Il y a presque cinq ans, le 27 octobre 2005, Zyed, 17 ans, et Bouna, 15 ans, sont morts électrocutés dans un transformateur EDF où ils s’étaient réfugiés après une course-poursuite avec des policiers. Un troisième jeune, Muhittin Altun, 22 ans aujourd’hui, était grièvement blessé. En février 2007, deux policiers étaient mis en examen pour non-assistance à personne en danger. L’enquête était close à la mi-juillet 2009.

«Je me suis prononcée en faveur d’un non-lieu, estimant qu’il ne résultait pas de charge suffisante contre les deux policiers mis en examen et contre tout autre, d’avoir commis le délit de non-assistance à personne en danger», a expliqué vendredi la procureure de Bobigny, Sylvie Moisson. Pour le parquet, les policiers ne savaient pas que les trois adolescents avaient pénétré dans le transformateur.

«Pas de faute disciplinaire ou pénale»

Sur les 18 fonctionnaires de police intervenus sur le terrain ou comme opérateur radio, certains ignoraient le péril encouru et d’autres pensaient que Zyed et Bouna avaient été interpellés, les confondant avec deux autres jeunes. C’est notamment le cas de la policière stagiaire S.K., mise en examen, qui gérait l’opération par radio depuis le commissariat de Livry-Gargan, a indiqué la procureure.
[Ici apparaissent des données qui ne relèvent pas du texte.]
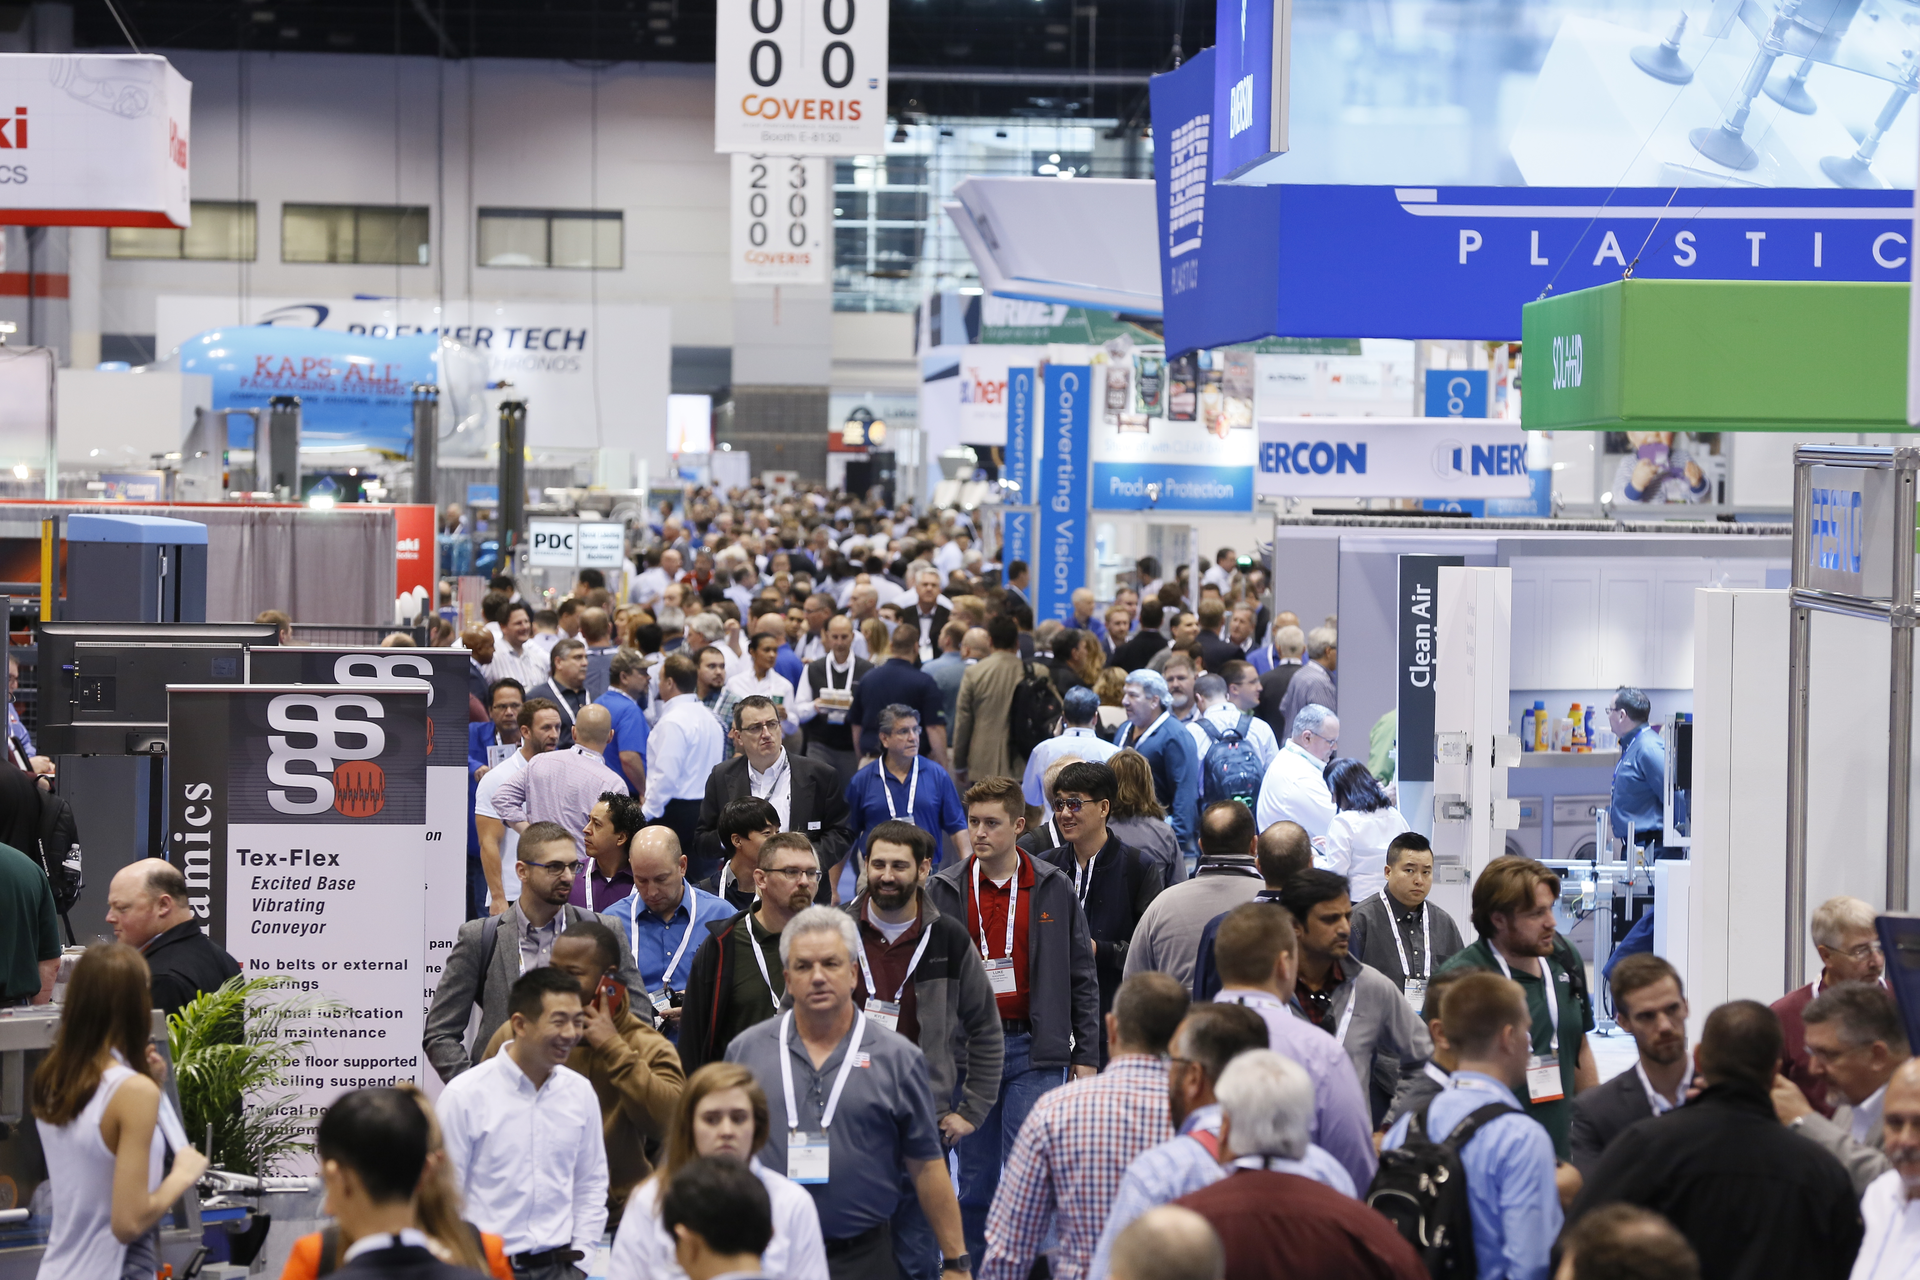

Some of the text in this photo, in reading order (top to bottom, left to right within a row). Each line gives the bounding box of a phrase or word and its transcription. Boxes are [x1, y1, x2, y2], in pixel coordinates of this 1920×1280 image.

La situation est différente pour l’autre policier mis en examen, S.G. Dans un premier message radiophonique, on l’entendait dire : «Ils sont en train d’enjamber pour aller sur le site EDF, il faudrait cerner le coin». Et, dans un deuxième message : «Je pense qu’ils sont en train de s’introduire sur le site EDF. (…) Ils vont bien ressortir». Et enfin: «En même temps, s’ils rentrent sur le site EDF, je ne donne pas cher de leur peau». Ce policier «s’est rendu à proximité du site EDF, a procédé à des vérifications en montant sur une poubelle pour avoir une vue sur le site et sur un monticule, et il a acquis la conviction que personne n’avait [en réalité, ndlr] pénétré sur le site EDF», a expliqué la procureure pour justifier le non-lieu.

«Ce réquisitoire correspond à ce que j’ai relevé dans le dossier depuis cinq ans», a réagi l’avocat des deux policiers mis en examen, Me Daniel Merchat. «Aucun fait n’établit de faute disciplinaire ou pénale commis par quelque fonctionnaire que ce soit», a-t-il ajouté. Au moment des faits, Nicolas Sarkozy, alors ministre de l’Intérieur, avait publiquement exclu toute faute policière.